One of the first food festivals in Wales is celebrating its 20th anniversary with a record number of stallholders and an £8 million boost for the economy.
Llangollen Food Festival was founded in 1997 and pioneered food tourism by creating a shop window for home grown producers.
Since then the event has gone from strength to strength, annually attracting around 8,000 food lovers from far and wide.
As a result, it’s been named as one of the Top 10 food festivals in the UK by the Independent and Daily Telegraph newspapers.
It’s estimated the festival pumps nearly £400,000 into the local economy every year, making a total of £8 million since it started two decades ago.
This year’s festival is on October 14 and 15 and once again it will be held at the iconic Llangollen Pavilion.
Committee member Pip Gale said:
HehEh “We have a wonderful array of fantastic food producers clustered in the area and this year the festival is going to be bigger and better than ever so we’ll be celebrating our 20th anniversary in style.
“We’re heading for a record number of around 130 stallholders with a fantastic choice of produce, along with demonstrations from the region’s finest chefs so there will be plenty to tempt the taste buds.
“I’m glad to say we’re also making a positive contribution the local economy with food lovers travelling from far and wide because the festival is now firmly and rightly established as a major highlight in the UK’s culinary calendar.”
Among the first to congratulate the festival on reaching the important milestone was Ken Skates, the Clwyd South AM who is also the Welsh Government’s Cabinet Secretary for the Economy, whose portfolio includes tourism.
He said: “Llangollen Food Festival is an incredible success and a great annual occasion for the Dee Valley.
“The economic benefits that the festival brings to the area are considerable and underline the region’s growing reputation as a go-to destination for food lovers.
“Food tourism is something I believe has huge potential for future growth and it is no wonder that North Wales has been hailed as one of the world’s top four must see places to go by The Lonely Planet travel guide.”
It was a sentiment echoed by Jim Jones, the managing director of North Wales Tourism, which represents around 1.500 tourism businesses in the region.

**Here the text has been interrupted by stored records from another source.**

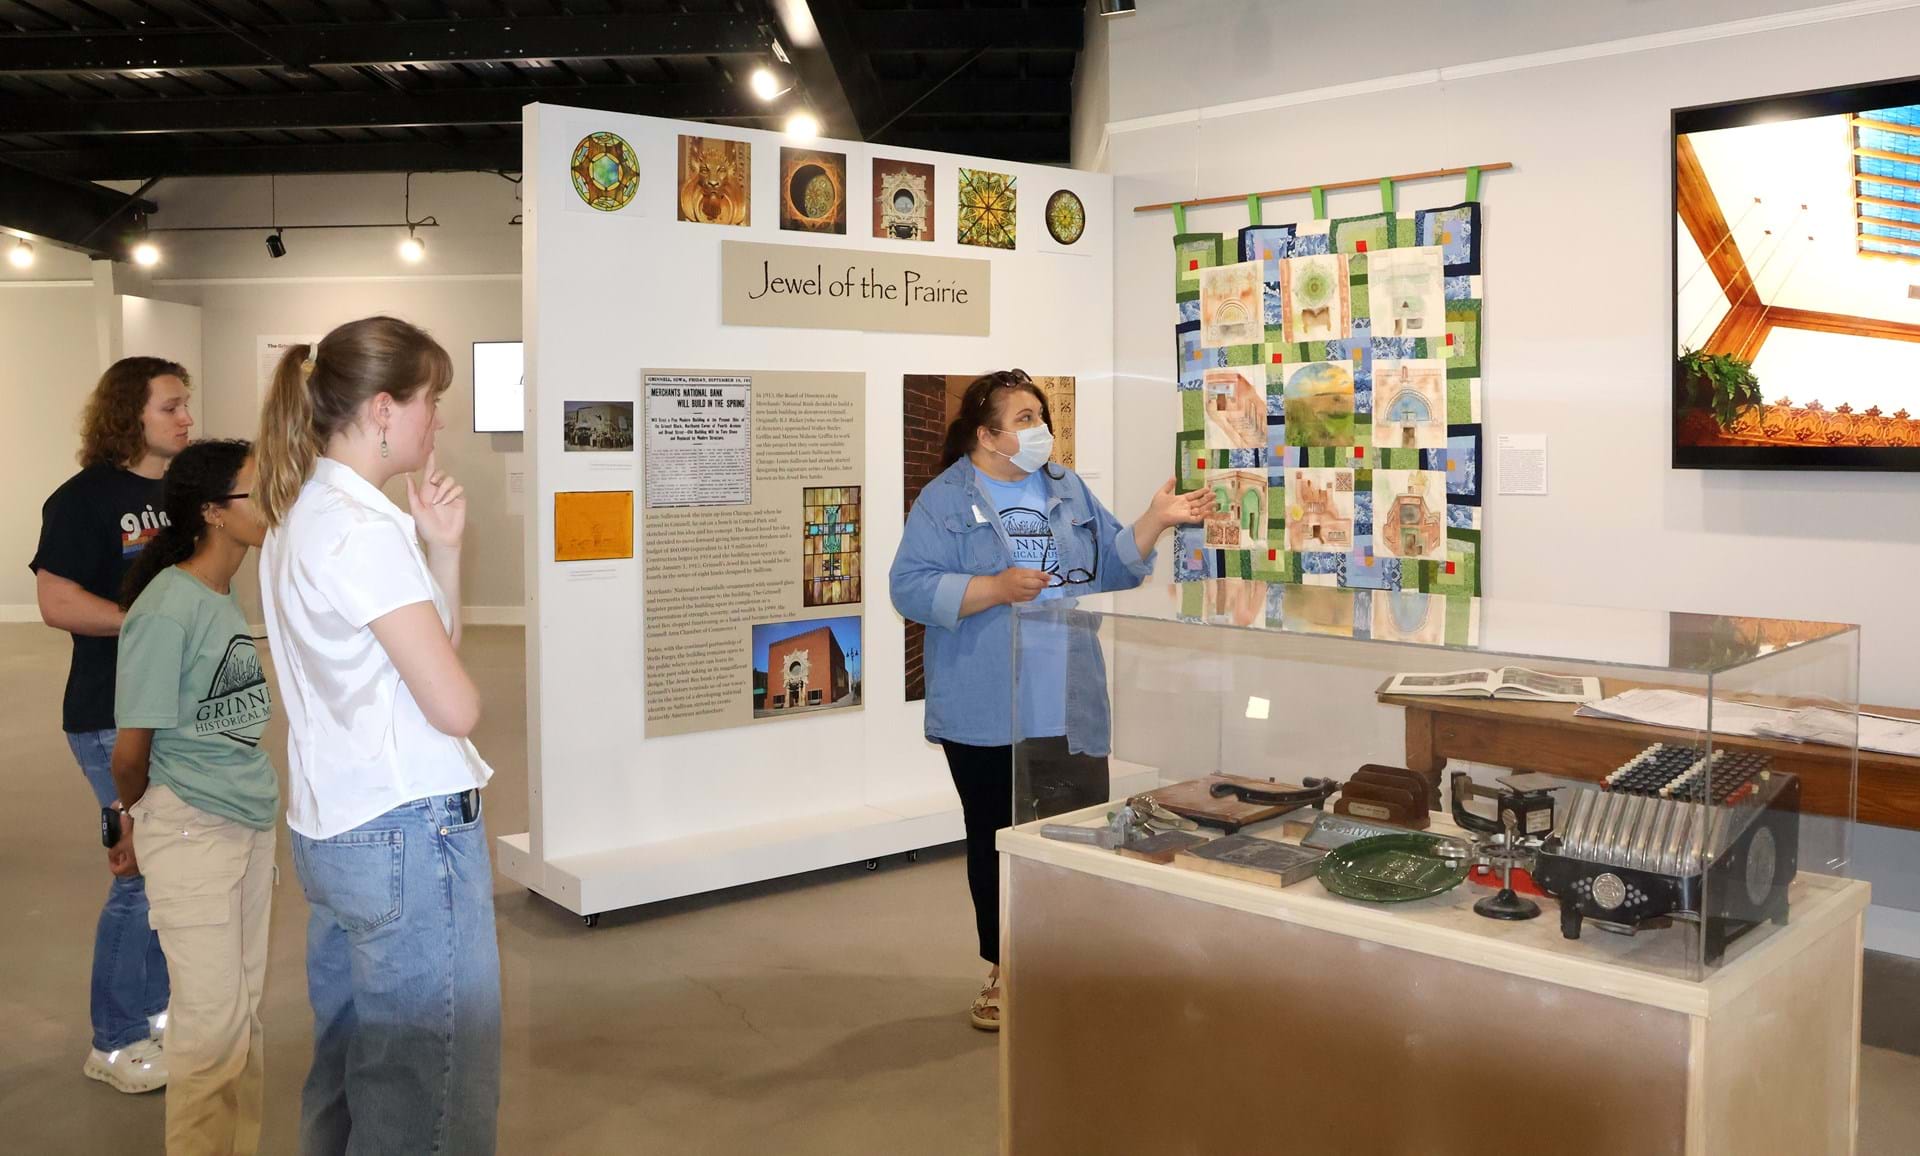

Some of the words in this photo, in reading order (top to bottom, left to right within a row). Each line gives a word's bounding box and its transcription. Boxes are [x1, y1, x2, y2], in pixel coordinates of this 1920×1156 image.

[748, 260, 822, 300] Jewel
[828, 266, 856, 297] of
[860, 267, 898, 300] the
[904, 270, 969, 307] Prairie
[651, 388, 680, 397] MERCHANTS
[683, 388, 707, 397] NATIONAL
[677, 400, 689, 408] WILL
[195, 711, 260, 733] HISTORICAL

He said: “We are entering a golden age for the visitor economy in North Wales and the increasing importance of food tourism is playing its part in our overall success.

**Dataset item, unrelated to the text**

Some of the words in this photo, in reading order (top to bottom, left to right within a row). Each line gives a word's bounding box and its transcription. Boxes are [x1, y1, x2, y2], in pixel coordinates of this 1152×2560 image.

“As one of the first and most successful food festivals in Wales, the Llangollen Food Festival has been a trailblazer for culinary excellence and I would like to congratulate them on reaching their 20th anniversary.”
The regular stallholders at the festival include a husband and wife team whose African-inspired sauces made at their base in Afonwen have won a wealth of top food industry accolades.
Bim’s Kitchen, the brainchild of James and Nicola Adedeji, are preparing to unveil their latest culinary creations at this year’s event on October 14 and 15.
James said: “The festival offers a direct route to our customers. People are able to taste our products before they buy and you get great feedback from them and can gauge their reaction.”
Another big fan of the festival is artisan bread and pie maker Robert Didier from Wrexham-based Orchard Pigs.
He said: “Llangollen Food Festival is fantastic and it’s not difficult to see why it has been named as one of the Top 10 food festivals in the UK by not just one but two national newspapers.”